Wise H1 FY26: investment flywheel or cost catch-up?
Wise’s interim results for the six months ended 30 September 2025 show a business that is still compounding on usage, while deliberately (or necessarily) leaning into a heavier cost base. Revenue rose 11%, but administrative expenses increased 27%, and profit for the period fell 14%.
The headline question remains: is Wise scaling costs as an intentional enabler of its next growth leg, or “catching up” on infrastructure, servicing, and regulatory requirements that become unavoidable at scale?
The flywheel is working but pricing makes the revenue line look slower
Wise continues to run its core playbook: grow customers, drive volume, improve speed and reliability, and use efficiency gains to lower prices over time.

From the H1 results:
Take rate 52bps -10bps (or –16%)
This drove:
Active customers 13.4m +18%
Total cross border volumes £85bn +24%
Spend on Wise cards £28bn +27%
Customer holdings £25bn +37%
Own cash on the balance sheet £1.6bn +49%
Wise Platform volumes £4.2bn +55%
However, Cross-border revenue is up only 5% YoY, despite volumes up 24%
Wise’s 52bps take rate creates a clear revenue headwind: it earns less per £ transferred, so revenue will typically grow more slowly than volumes. Importantly, the peer chart suggests this isn’t a one-off pricing move. Wise has long competed at a structurally lower take rate than incumbents.
The key question is therefore not whether Wise is “discounting” vs last year, but whether its scale, product breadth and unit-cost advantages allow it to sustain this low-price position while still expanding margins over time.

Growth is becoming broader than transfers
Wise is steadily diversifying away from “pure transfers” and toward a wider account-led ecosystem:
- Card and other revenue grew 26% YoY
- Management notes non-cross-border revenue was 41% of underlying income in the period, which supports the idea that Wise is building multiple growth engines rather than relying on one fee stream.
This matters because an account relationship (balances, card usage, platform integrations) tends to improve retention and lifetime value versus single-use transfers.
Infrastructure and distribution are expanding (and they cost money)
Wise is emphasising “network” advantages: deeper payment rail access, more instant payments, and more regulatory coverage.
In H1, it highlighted:
- Direct participation in 7 domestic payment systems (with Pix in Brazil live and Zengin in Japan expected imminently)

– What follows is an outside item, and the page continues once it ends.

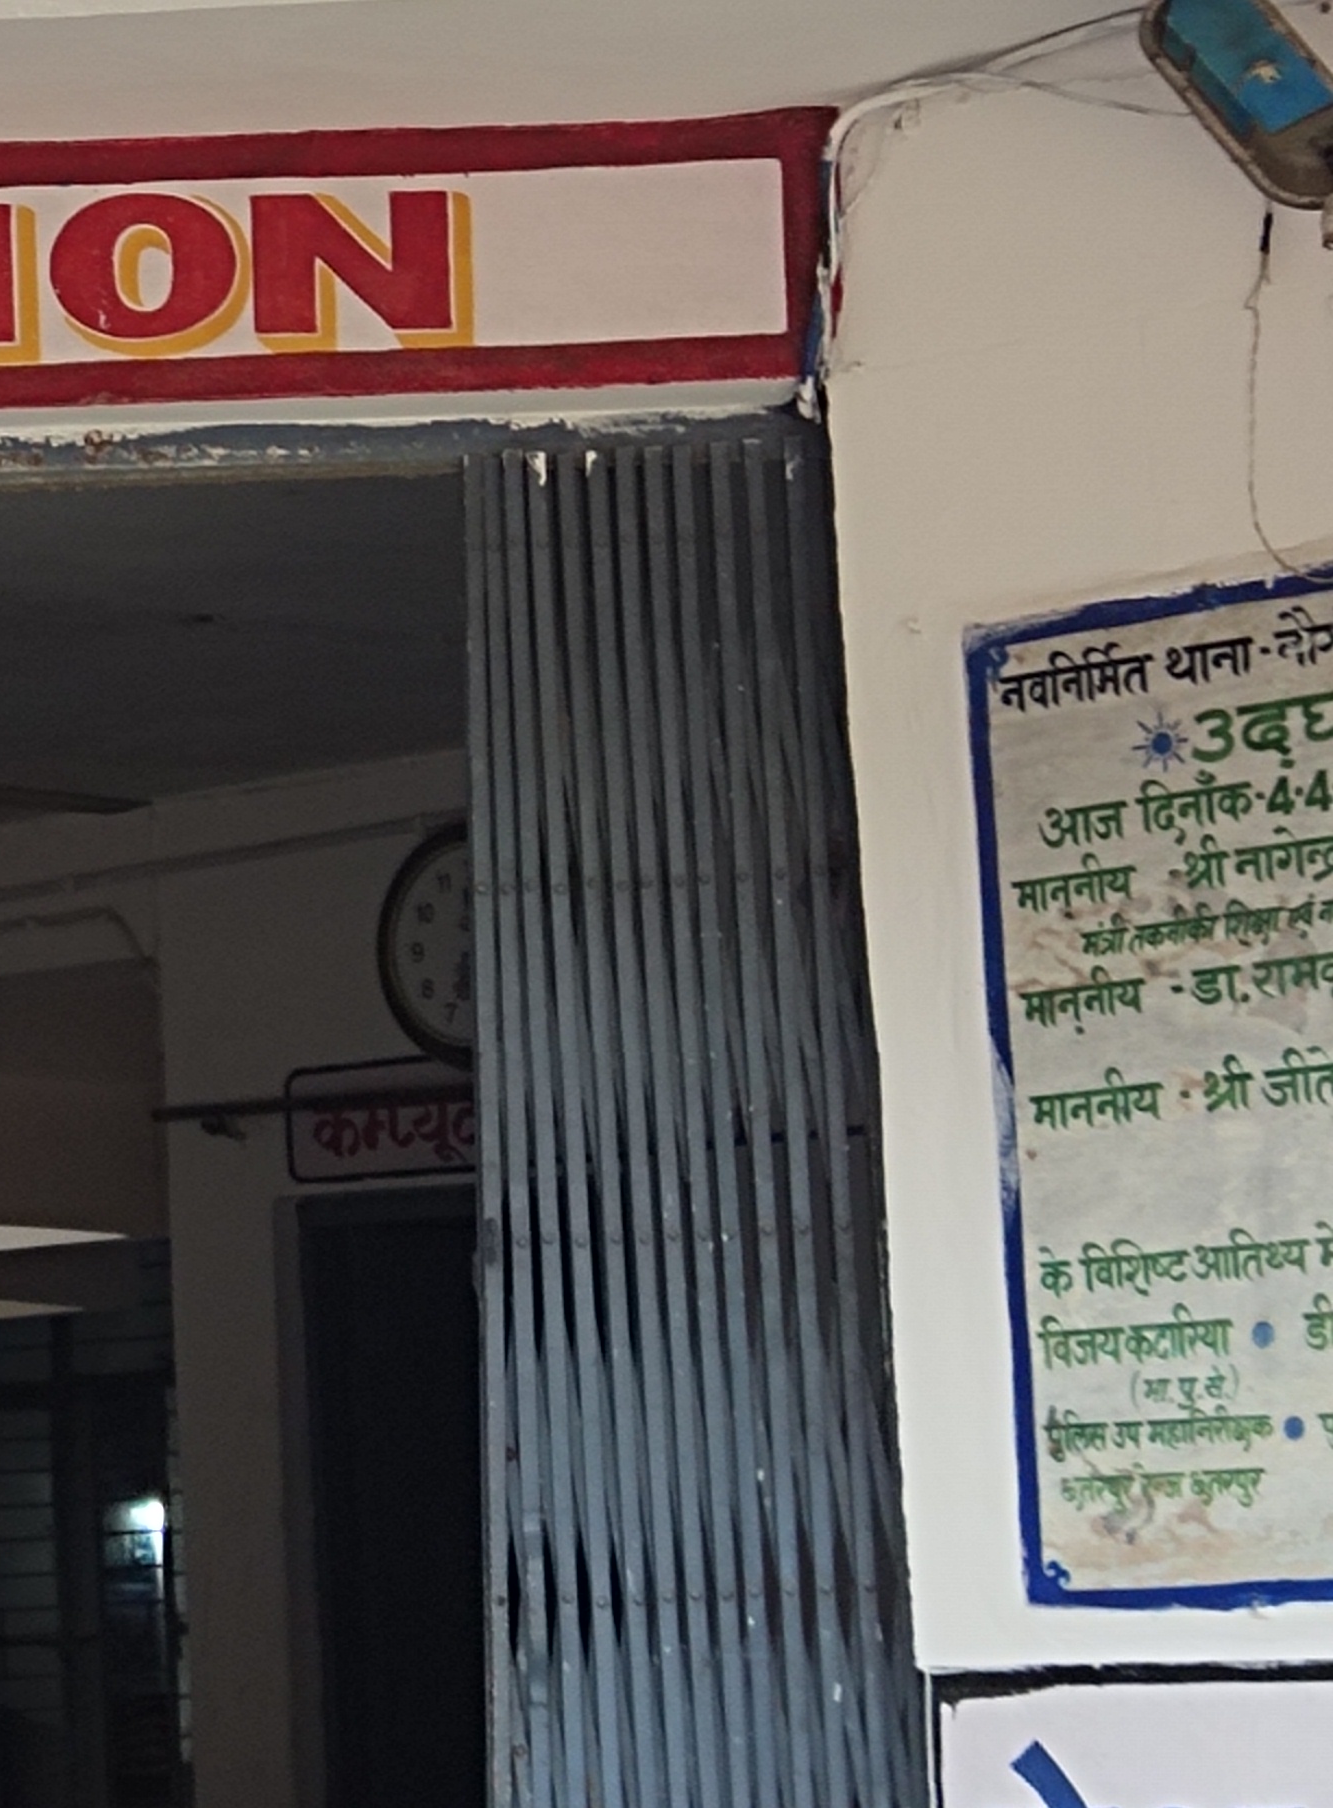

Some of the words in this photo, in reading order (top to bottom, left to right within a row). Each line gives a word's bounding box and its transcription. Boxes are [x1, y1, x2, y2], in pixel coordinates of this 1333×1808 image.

- Regulatory approvals from the Central Bank of the UAE to bring products to the country
- Continued product expansion (e.g., Travel Hub, under-18 accounts, and Wise Assets rollout in Brazil)
These are strategically important, but they also naturally bring higher ongoing costs: engineering, operations, compliance, and customer servicing.
Why profits fell
Management’s narrative is that last year’s unusually high margin is being reinvested, and margins are being guided back toward the medium-term framework.
They explicitly flag investment into infrastructure, products, marketing, and servicing, alongside costs linked to the planned US dual listing (which they treat as one-off).
At face value, you can tell two stories from the same numbers:
- “Intentional investment” story: Wise is choosing to spend now (team, product, marketing, rails, partnerships) to strengthen the moat and widen distribution with payback coming through higher customer growth, deeper account adoption, and eventual operating leverage.
- “Catch-up” story: Wise is being forced to raise its cost base to meet the operational and regulatory bar of a much larger, more complex global financial network because it has underinvested historically. This is essential, but potentially less value-accretive scenario.